JK: He cares about this issue. Xie Zhenhua has been working on this issue for years. People who have been involved in these negotiations for those many years have great respect for him because he’s been able to thread the needle between the ideological tug or the other differences and stay focused on the climate issue. He’s a professional, is well read, well studied, and I think President Xi [Jinping] and the Chinese leadership have great confidence in him. So he is a person who was appointed an interlocutor after I’d been appointed, I think, precisely because we did know each other and we have worked together and we’ve crisscrossed the world on this issue. And I think if you talk to anybody who has been part of the conferences of the United Nations over the years, they will express their respect for Xie Zhenhua.

FP: What’s it like negotiating with the Chinese? Put us in the room where it happens.

I think we have proven again and again that when we put our minds to something, we can and will get it done.

JK: When we talk, we talk in private. I think we both know that nothing is served by having a huge number of television cameras sort of invading you at that particular moment. And we talk with mutual respect, which is the only way to really get something done. I think in a negotiation, you have to know what your bottom line is and you have to have a pretty good understanding of what theirs may be.
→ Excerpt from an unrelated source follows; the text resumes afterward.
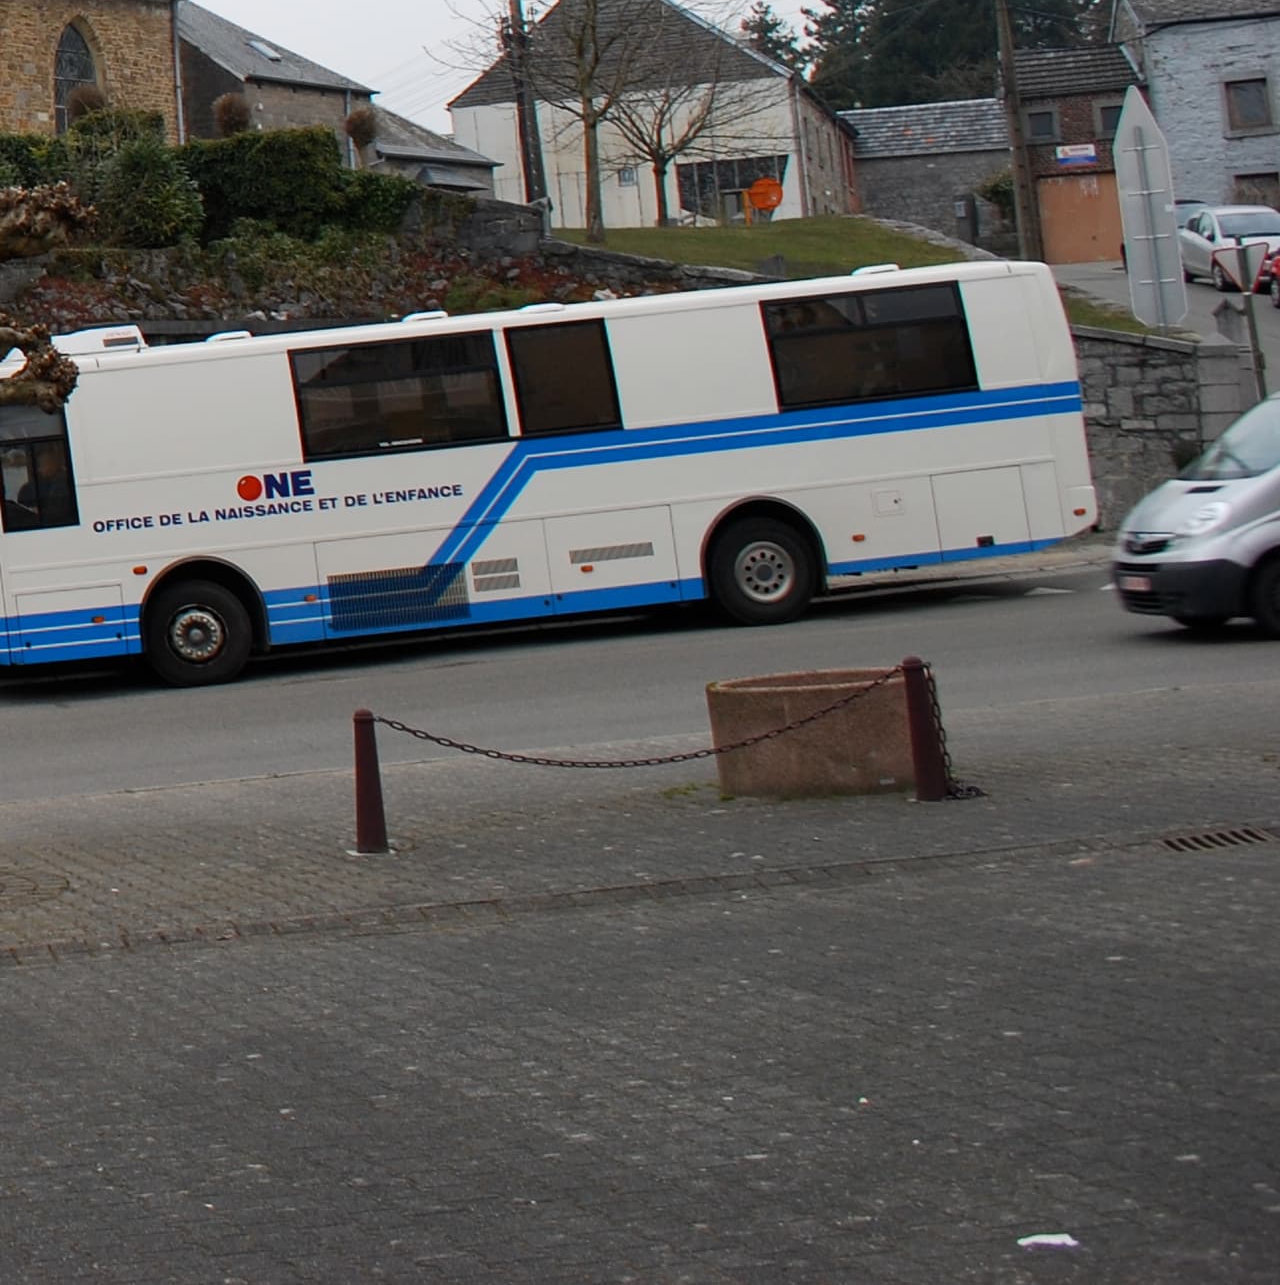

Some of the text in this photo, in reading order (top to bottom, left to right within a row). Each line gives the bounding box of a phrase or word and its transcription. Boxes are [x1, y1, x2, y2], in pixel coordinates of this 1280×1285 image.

[92, 484, 463, 533] OFFICE DE LA NAISSANCE ET DE L'ENFANCE
And you’re trying to find the ways to get the cracks and find the mutual agreement. Clearly, he was operating with negotiating instructions. I think there were some limitations. I think President Biden may have given me greater latitude to try to get things done because we’re the ones who are actually trying to move them somewhere and they’re the ones who have a certain path that they’ve predetermined, which we’re trying to move them off of and onto what we think is a better and more achievable path and a path that will have better consequences for the world as well as for China. And you go back and forth. That’s the nature of a negotiation. I think that, you know, they are well-practiced and strong negotiators. But then again, so are we. And it makes for a pretty good negotiation.

FP: Ahead of our interview, when I was speaking to one of your advisors, I was told that climate change is the issue, really, that fills your heart. You took part in the first Earth Day in 1970, joining millions of American in teach-ins to educate the public about environmental challenges. You met your wife, Teresa, at the first U.N. climate conference in 1992. Tell us a bit about why this issue matters to you.
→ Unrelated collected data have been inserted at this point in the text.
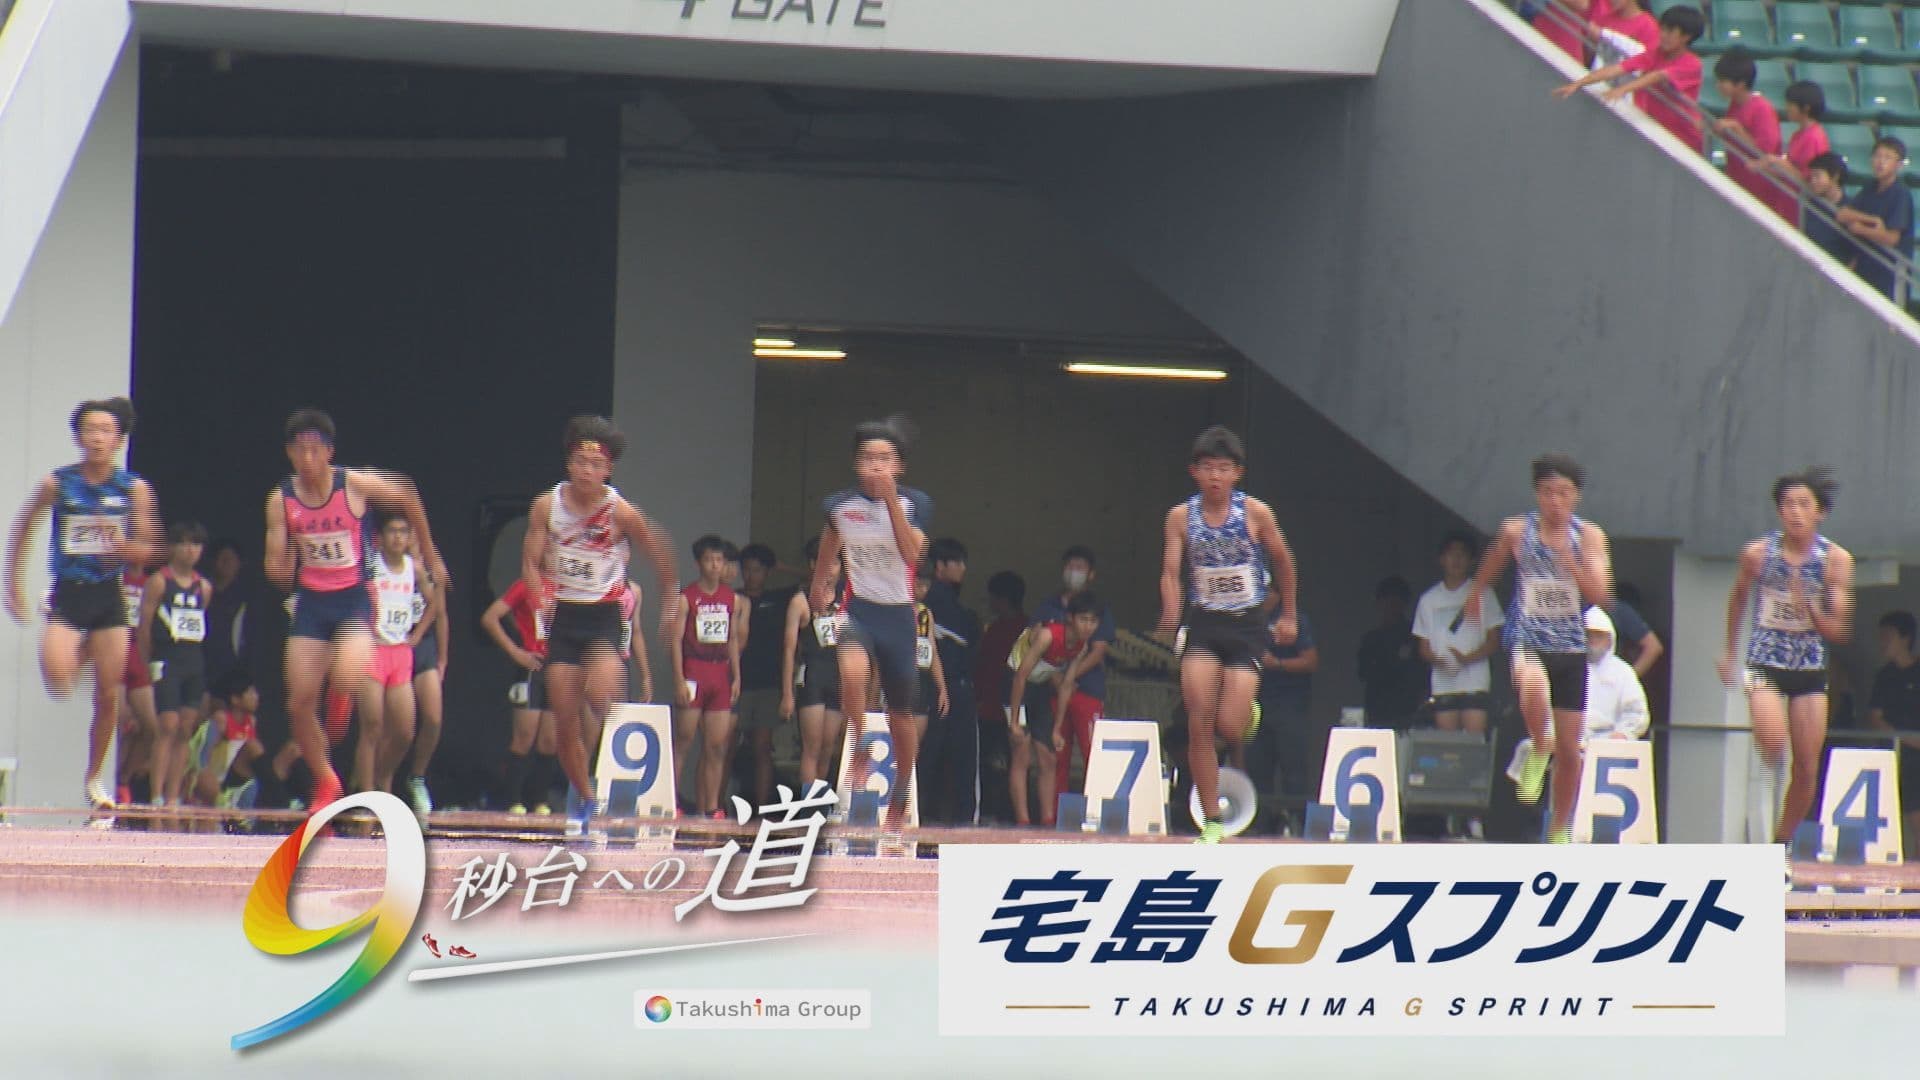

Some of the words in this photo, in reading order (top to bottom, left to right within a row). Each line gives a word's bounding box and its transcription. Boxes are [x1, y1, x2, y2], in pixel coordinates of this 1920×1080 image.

[304, 535, 345, 562] 241
[560, 556, 595, 580] 134
[387, 609, 409, 625] 187
[1208, 576, 1245, 594] 166
[704, 620, 728, 636] 227
[611, 722, 661, 797] 9
[857, 731, 897, 807] 8
[1102, 739, 1149, 803] 7
[1335, 746, 1384, 820] 6
[1594, 758, 1640, 832] 5
[1832, 769, 1888, 842] 4
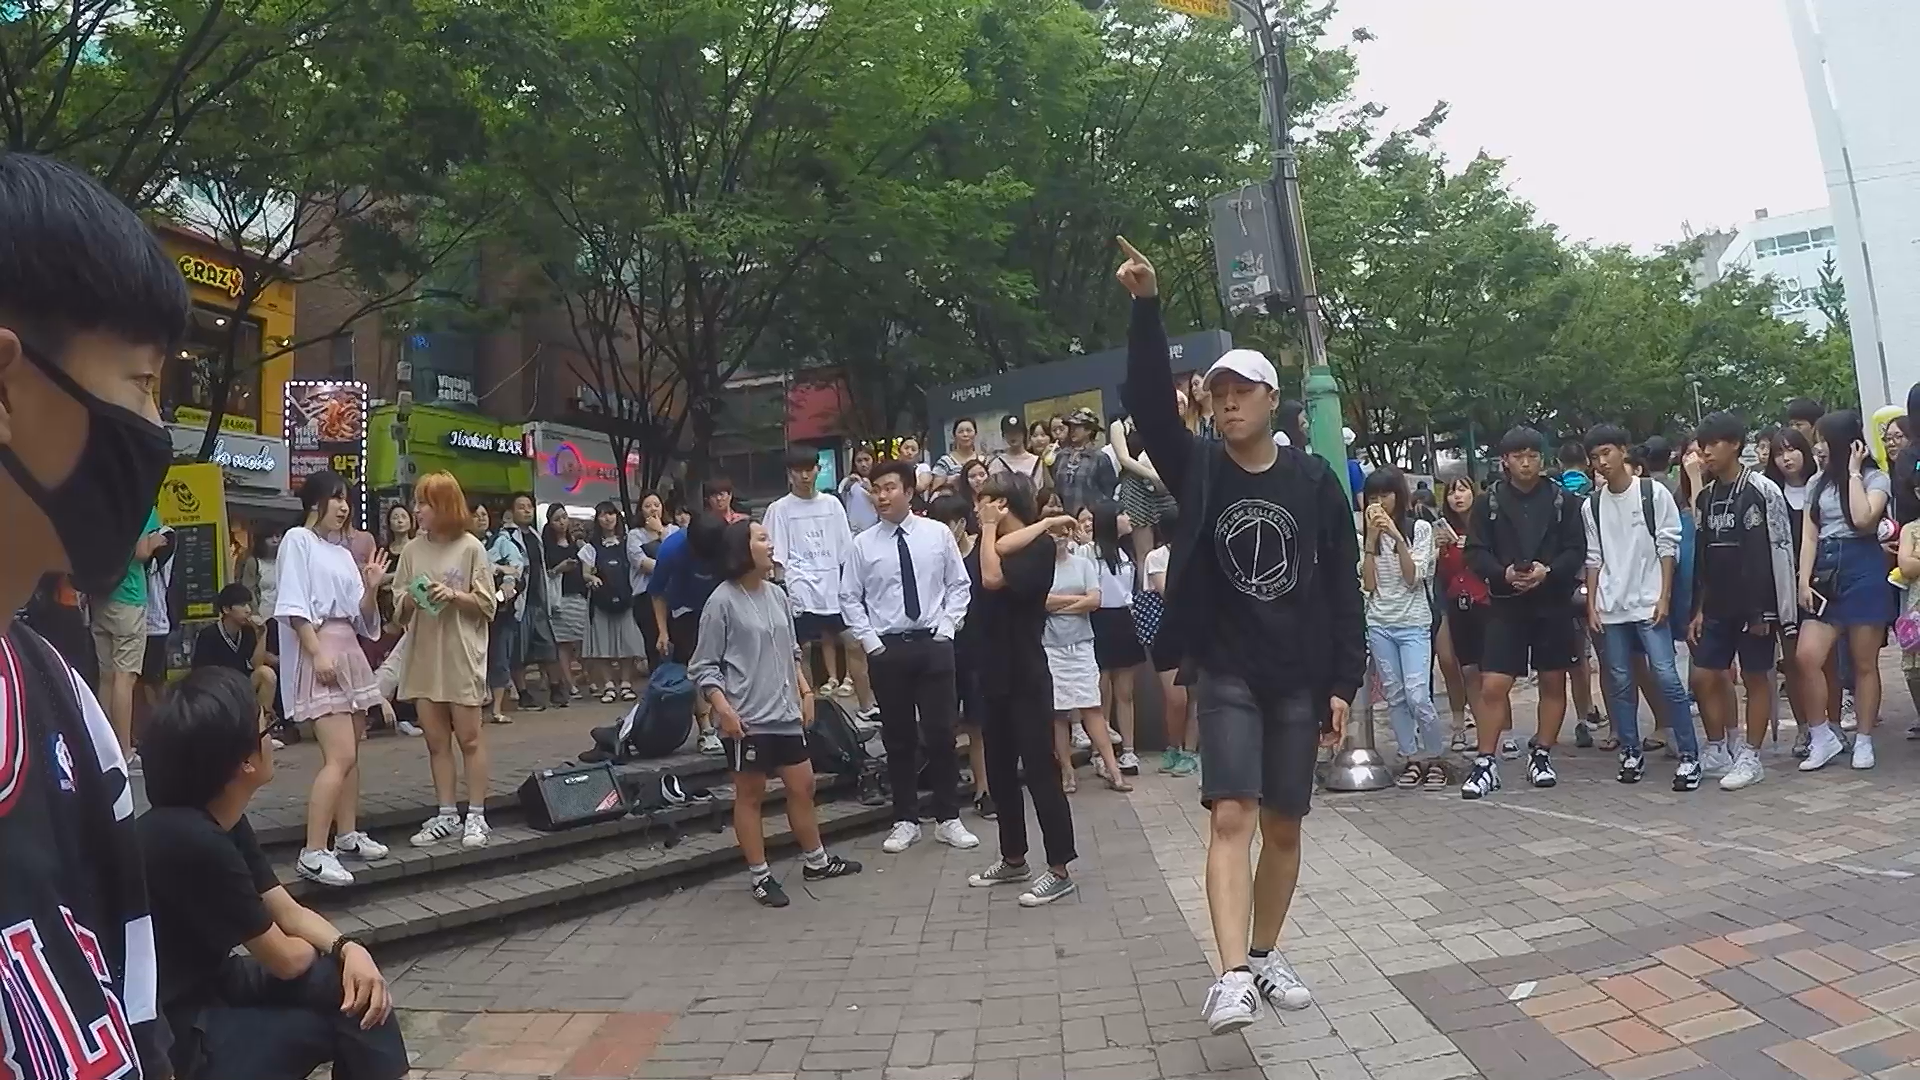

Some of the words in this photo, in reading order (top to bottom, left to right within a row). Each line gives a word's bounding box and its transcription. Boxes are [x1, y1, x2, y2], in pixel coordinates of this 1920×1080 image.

[951, 383, 992, 402] 시민게시판
[449, 429, 493, 451] Hookah
[497, 437, 523, 455] BAR
[333, 454, 360, 471] 입구
JK: Well, my mother was a great environmentalist. I grew up by the seashore of Massachusetts and on the ocean and in the ocean, and I have long had an appreciation for my surroundings. I think those of us who come from Massachusetts, who are blessed to be raised in the shadow of Walden Pond and Henry David Thoreau and Ralph Waldo Emerson and others have a special appreciation for our relationship to the world around us. And I think also that it’s life and death at this point. I mean, anybody who has children and grandchildren has to stop and think about our responsibility generationally, the world around us, and we’re not doing so well there.

FP: What makes you optimistic today?

JK: What makes me optimistic is the larger look at the course that we’re on in many ways in terms of the relationship between nations. Fewer people are dying violently than at any time probably in human history. We’ve made enormous progress. If you’re a woman pregnant in the world today, you’re 50 percent more likely to give birth to your child. Your child is 50 percent more likely to be fed and go to school. We’re now on the brink, perhaps, of a first generation of children being born AIDS free. Look what we’re doing with vaccines today in the United States. We will have a vaccine for every person that needs it within a very short span of time.
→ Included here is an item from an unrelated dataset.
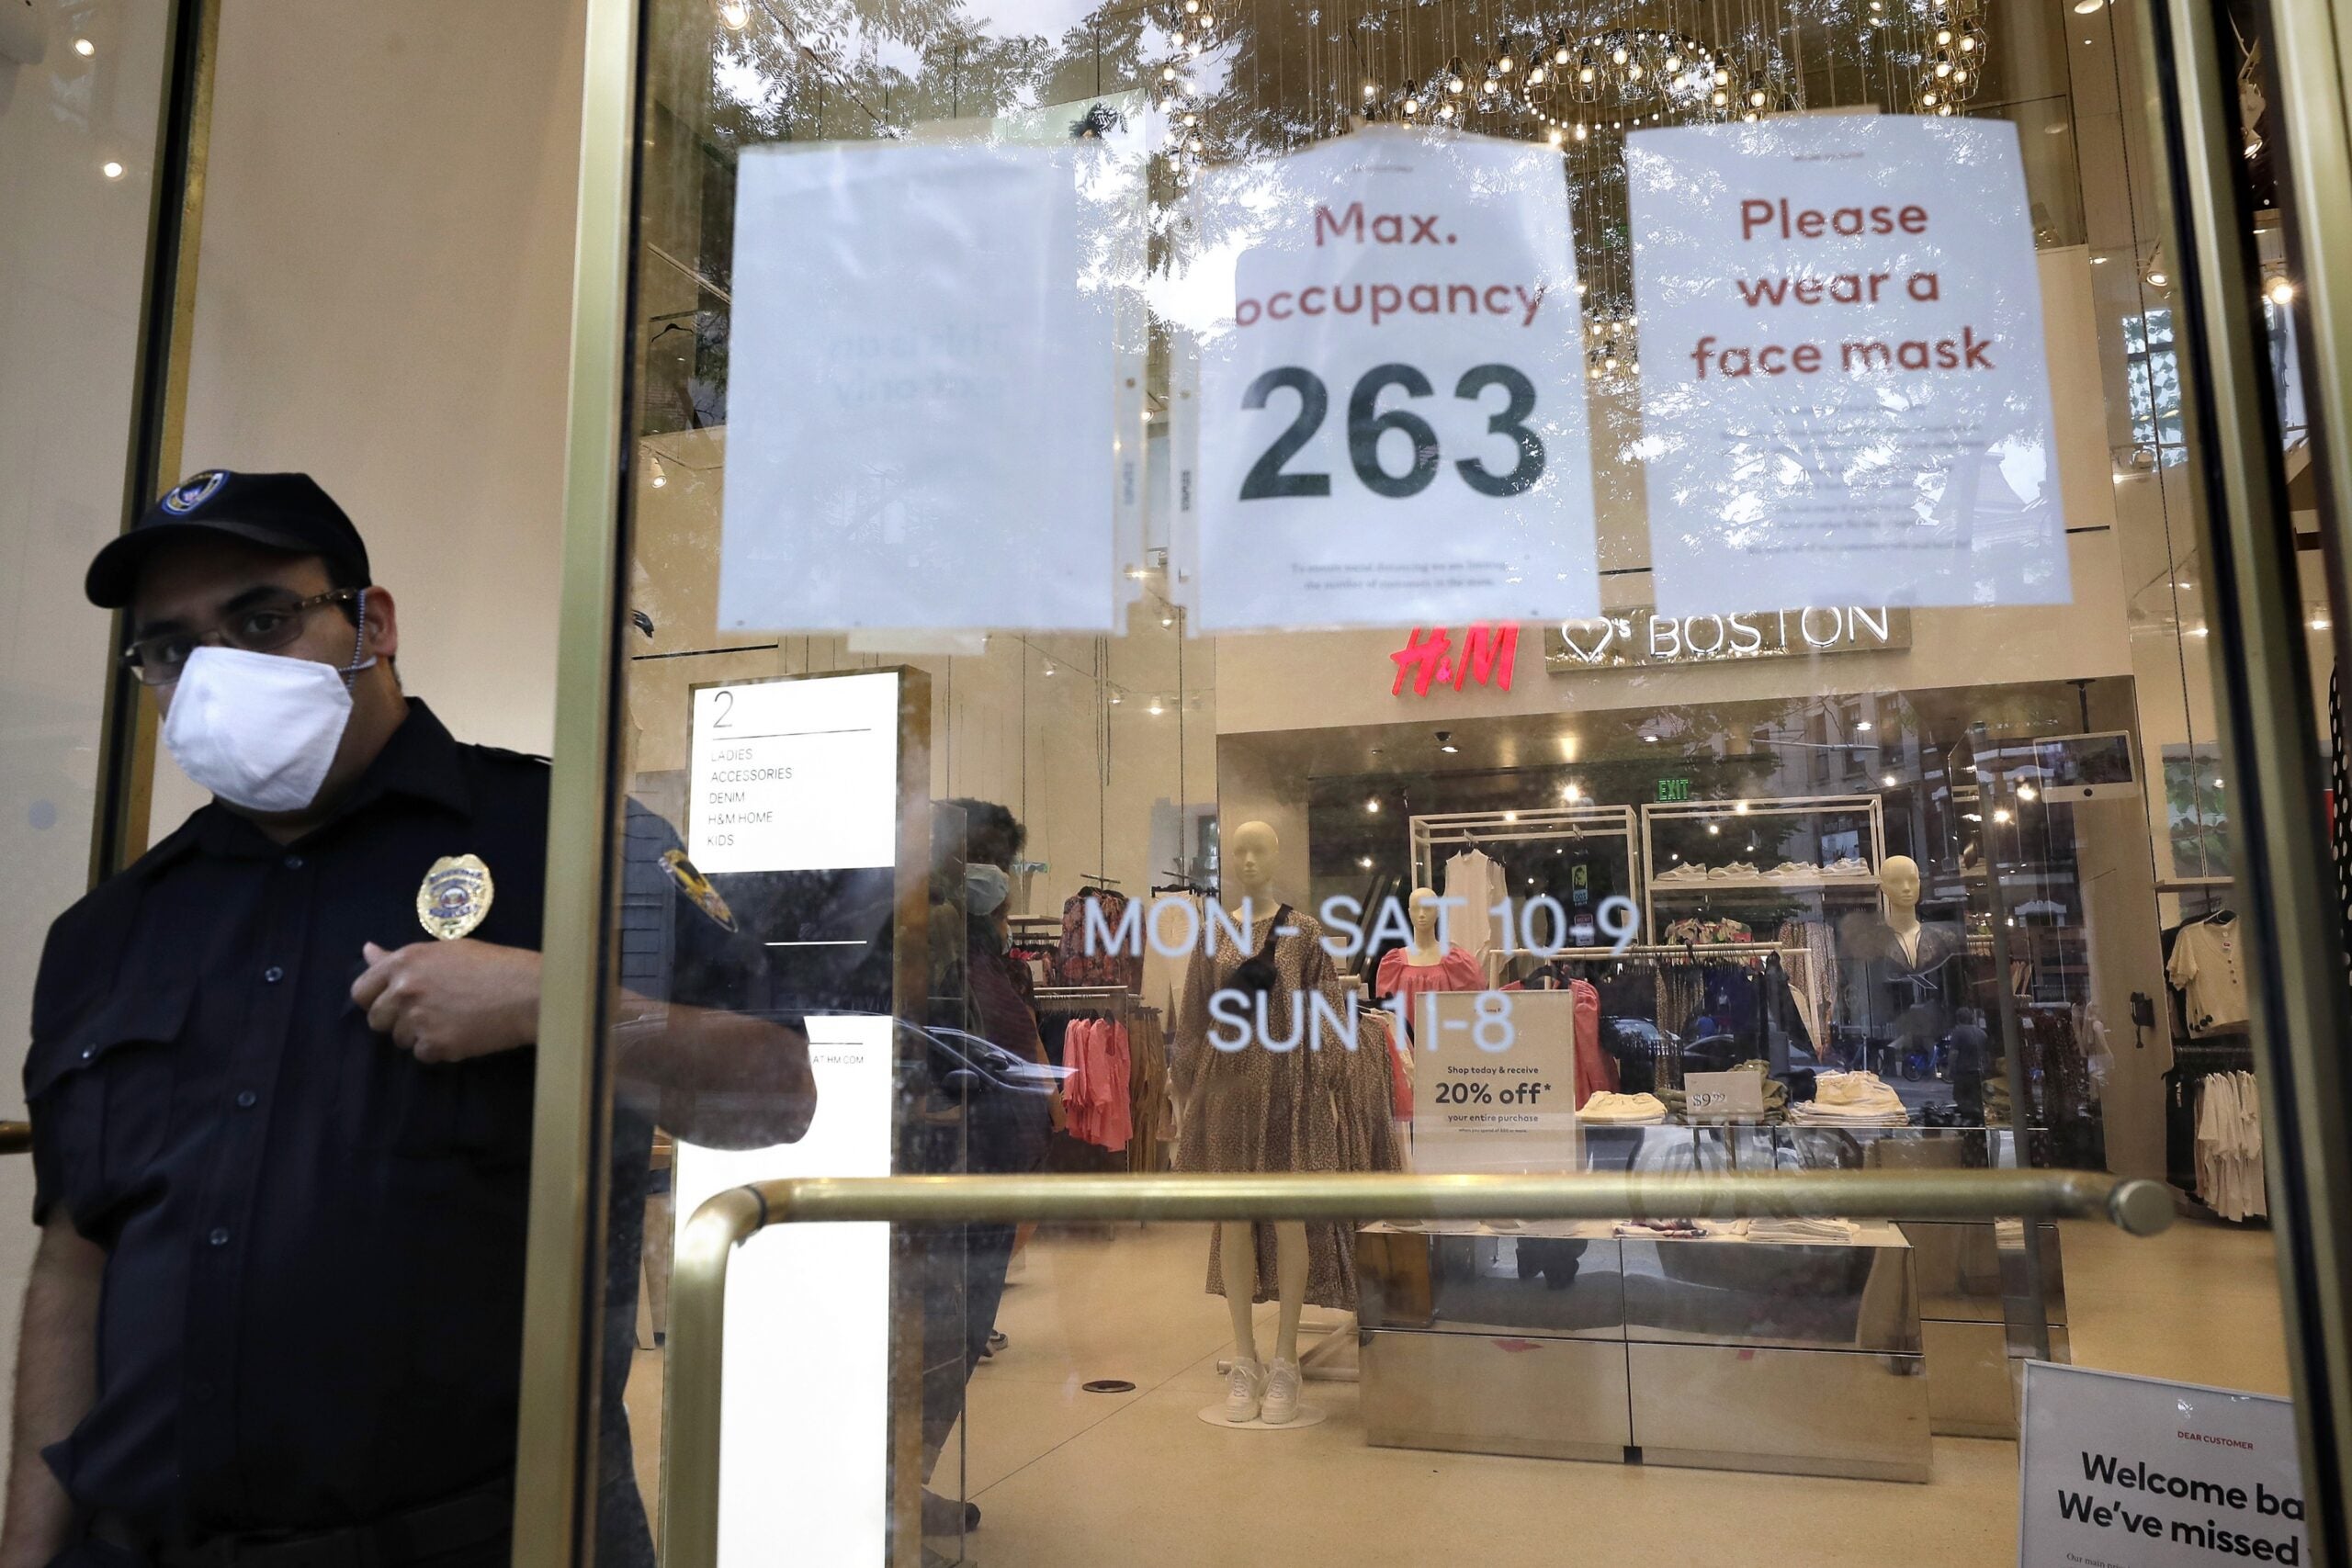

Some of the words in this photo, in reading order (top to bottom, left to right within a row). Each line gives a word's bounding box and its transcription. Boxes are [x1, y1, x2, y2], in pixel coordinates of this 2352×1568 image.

So my optimism is that, you know, there are things we’ve done that have made life better despite the fact that we’re on this terrible course in the long run with respect to what we’re doing with the environment. But I think we can turn that around. I think we have proven again and again that when we put our minds to something, we can and will get it done. And I think that’s our record, and I believe in that. And it keeps me feeling optimistic and hopeful about the future.